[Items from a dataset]
┄┄┄┄┄┄┄┄┄┄┄┄┄┄┄┄┄┄┄┄

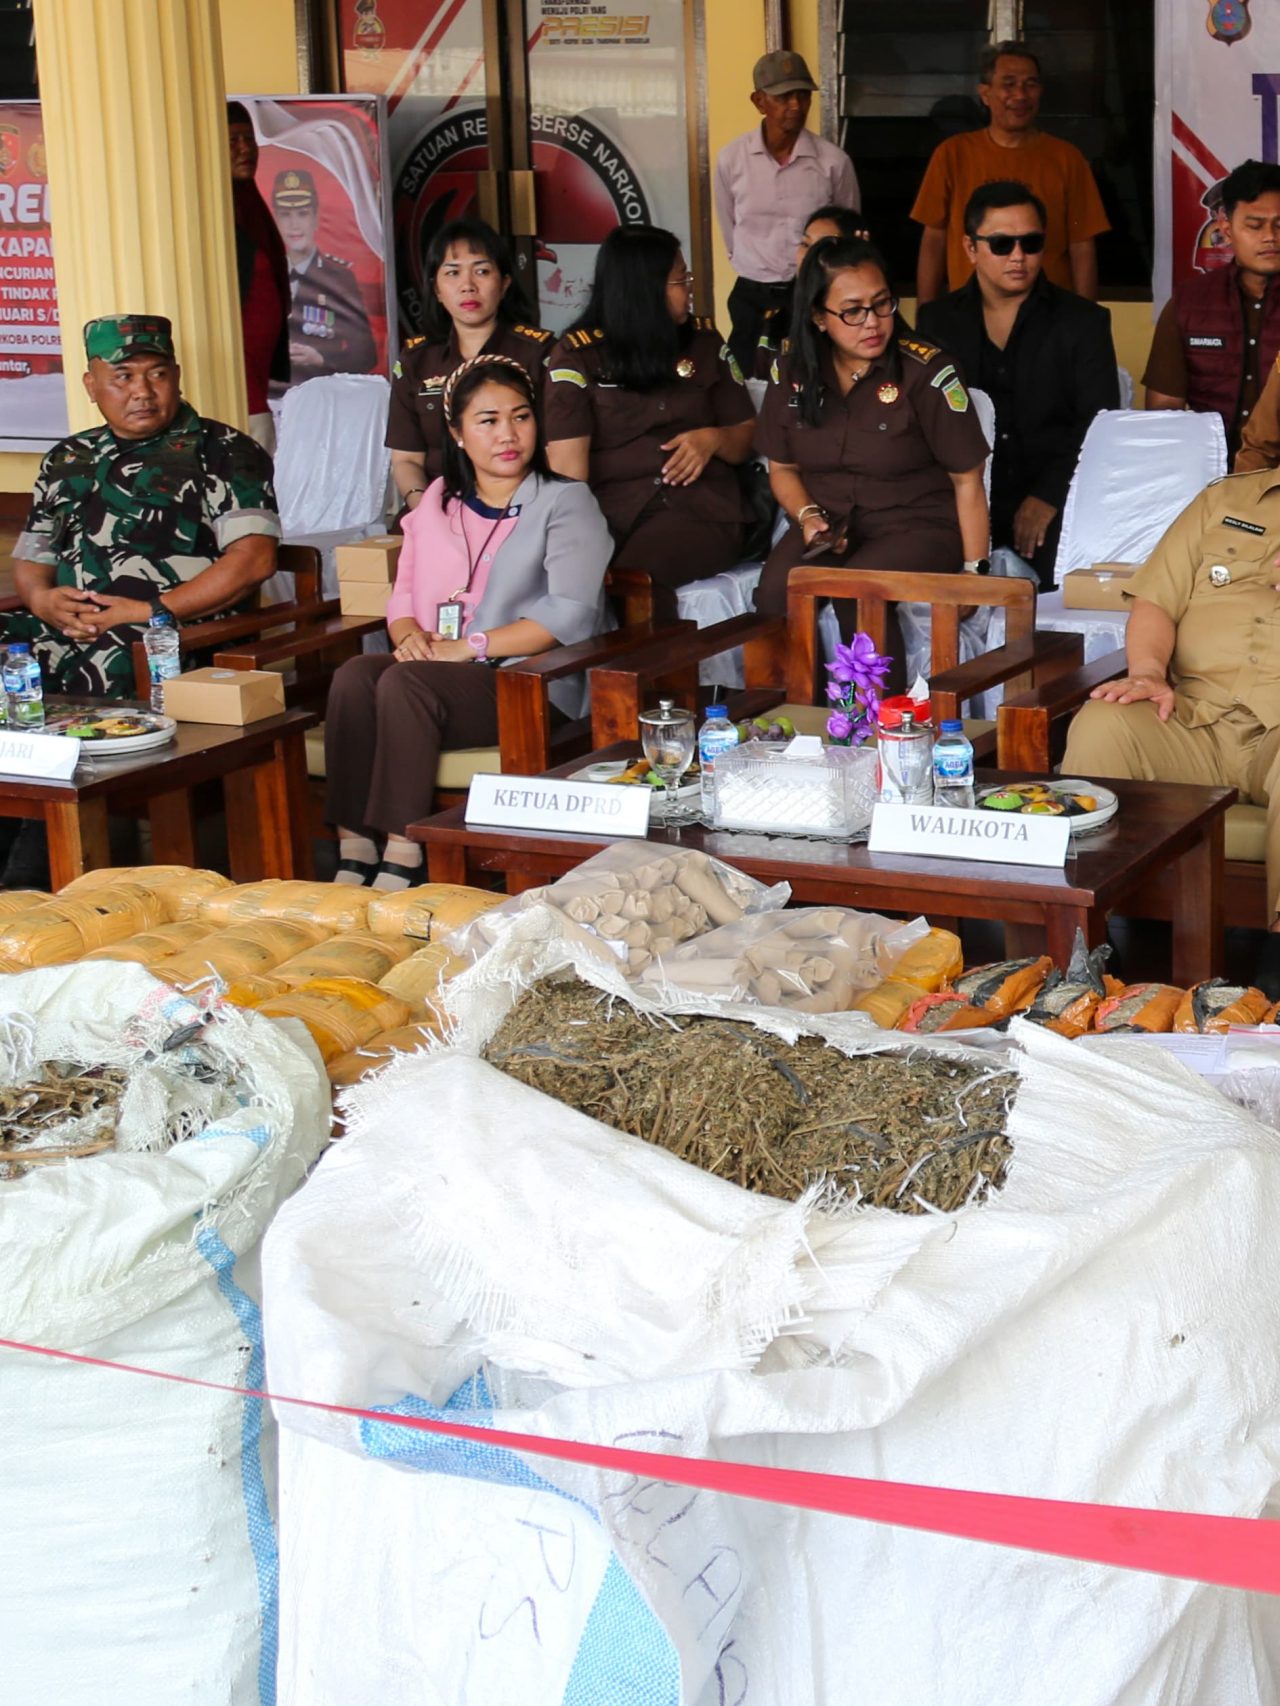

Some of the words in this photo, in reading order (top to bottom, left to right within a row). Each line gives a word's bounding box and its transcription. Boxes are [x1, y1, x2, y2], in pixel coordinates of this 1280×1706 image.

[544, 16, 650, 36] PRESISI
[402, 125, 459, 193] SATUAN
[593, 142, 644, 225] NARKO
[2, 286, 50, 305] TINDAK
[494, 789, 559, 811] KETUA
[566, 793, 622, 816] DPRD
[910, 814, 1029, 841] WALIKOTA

┄┄┄┄┄┄┄┄┄┄┄┄┄┄┄┄┄┄┄┄

# WORK TO BE COMPLETED
Repeat the entries exactly, without pictures.

# ANSWER BOX
Some of the words in this photo, in reading order (top to bottom, left to right within a row). Each line gives a word's bounding box and its transcription. Boxes are [x1, y1, x2, y2], in pixel coordinates of this 1280×1706 image.

[544, 16, 650, 36] PRESISI
[402, 125, 459, 193] SATUAN
[593, 142, 644, 225] NARKO
[2, 286, 50, 305] TINDAK
[494, 789, 559, 811] KETUA
[566, 793, 622, 816] DPRD
[910, 814, 1029, 841] WALIKOTA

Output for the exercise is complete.